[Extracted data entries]
========================================================================

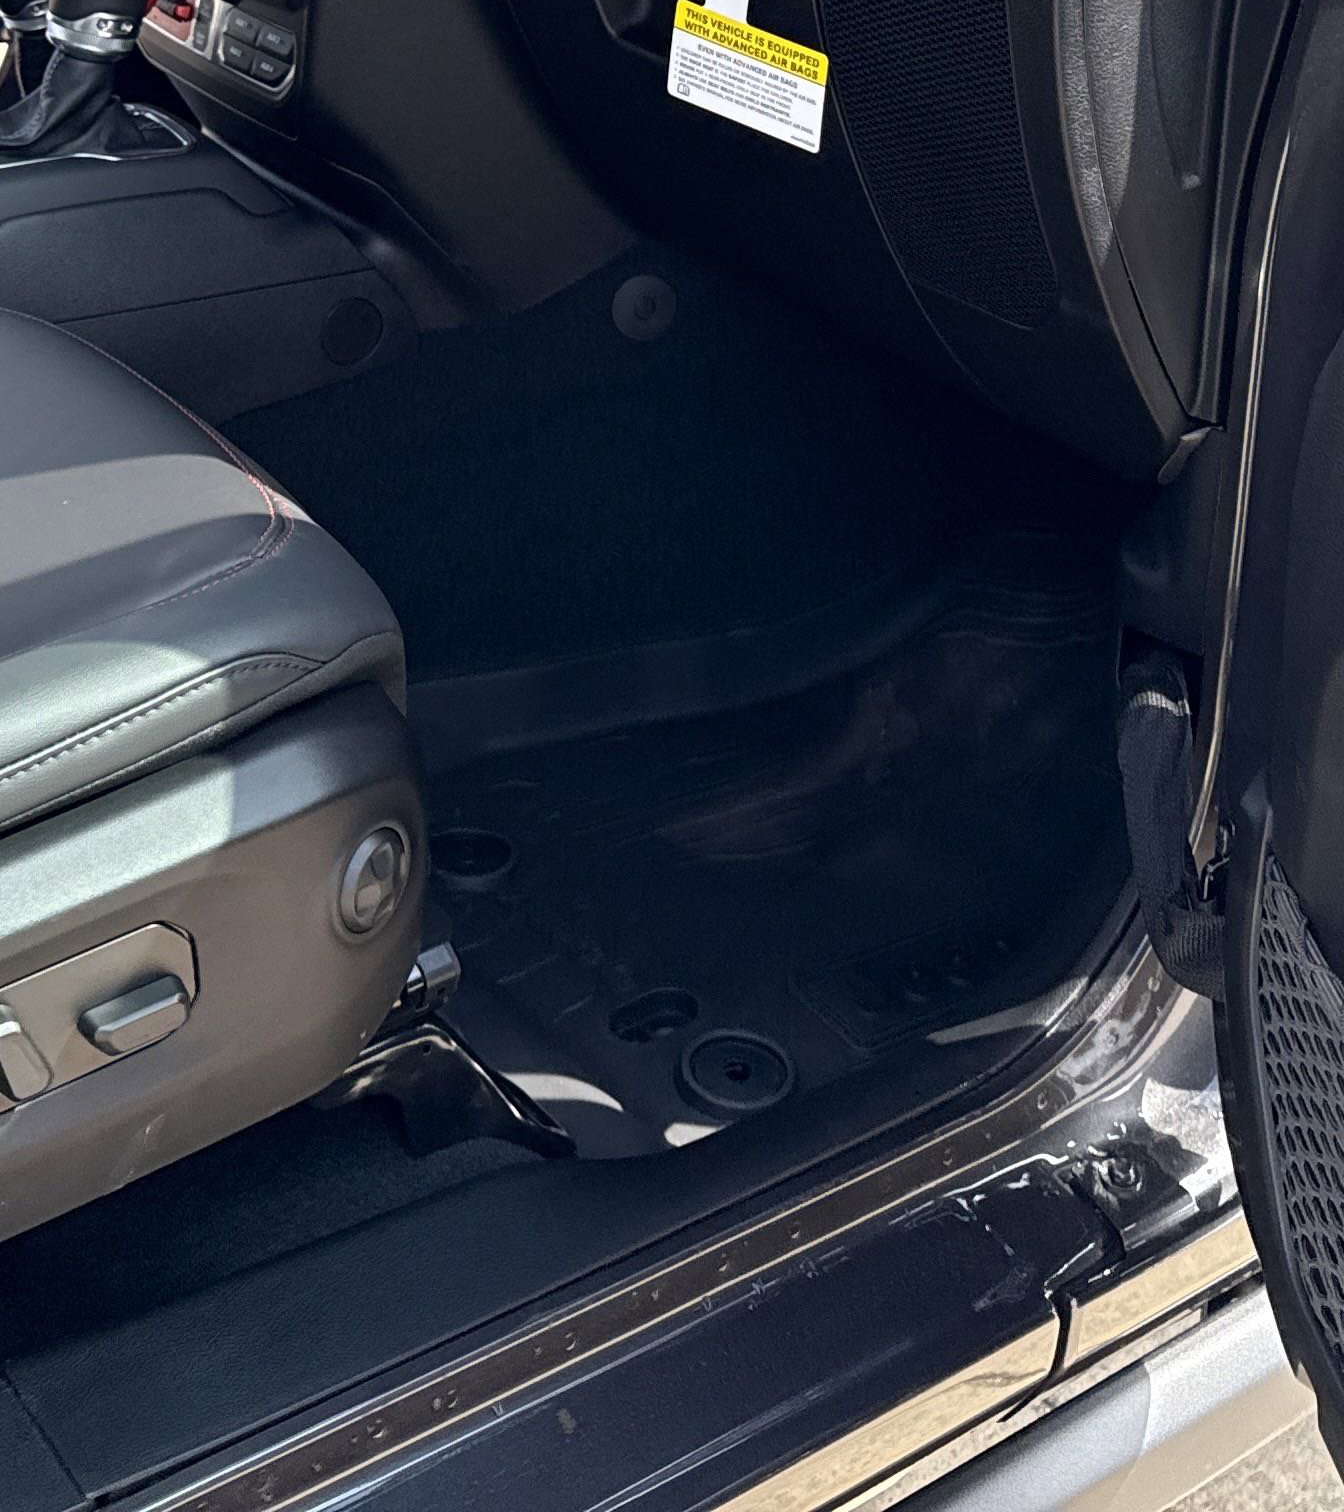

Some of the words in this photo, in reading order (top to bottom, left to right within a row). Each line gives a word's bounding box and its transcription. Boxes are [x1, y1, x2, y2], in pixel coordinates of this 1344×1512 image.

[684, 20, 710, 38] WITH
[712, 30, 768, 61] ADVANCED
[770, 53, 788, 68] AIR
[790, 60, 819, 81] BAGS
[685, 7, 709, 25] THIS
[710, 16, 753, 43] VEHICLE
[755, 35, 765, 48] IS
[767, 41, 820, 69] EQUIPPED
[715, 49, 733, 64] WITH
[733, 56, 768, 77] ADVANCED
[768, 69, 780, 82] AIR
[780, 74, 798, 90] BAGS
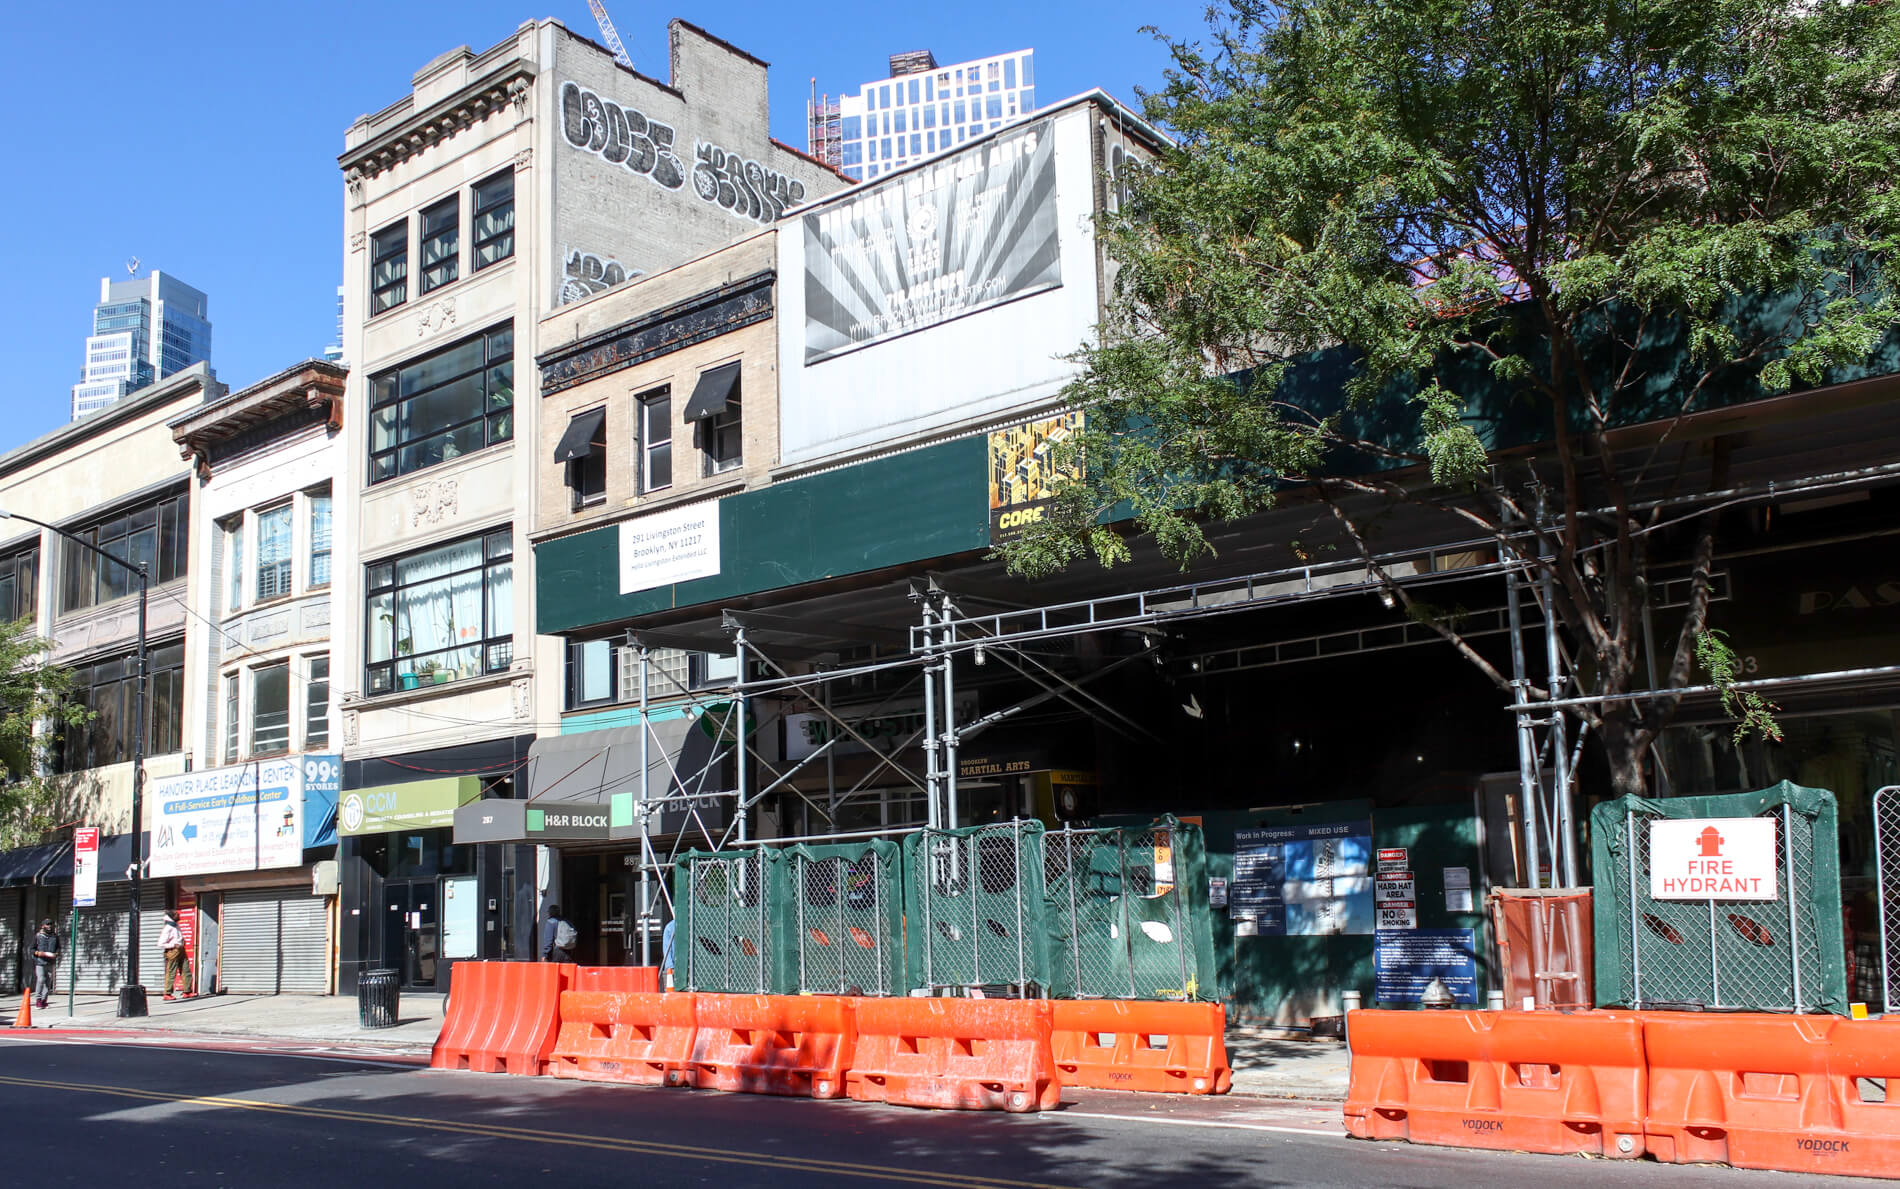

========================================================================

How to complete this task:
All entries need repeating exactly, but without the pictures.

Completed exercise:
Some of the words in this photo, in reading order (top to bottom, left to right within a row). Each line gives a word's bounding box and its transcription. Boxes are [x1, y1, x2, y2], in pixel coordinates of this 1344×1512 image.

[684, 20, 710, 38] WITH
[712, 30, 768, 61] ADVANCED
[770, 53, 788, 68] AIR
[790, 60, 819, 81] BAGS
[685, 7, 709, 25] THIS
[710, 16, 753, 43] VEHICLE
[755, 35, 765, 48] IS
[767, 41, 820, 69] EQUIPPED
[715, 49, 733, 64] WITH
[733, 56, 768, 77] ADVANCED
[768, 69, 780, 82] AIR
[780, 74, 798, 90] BAGS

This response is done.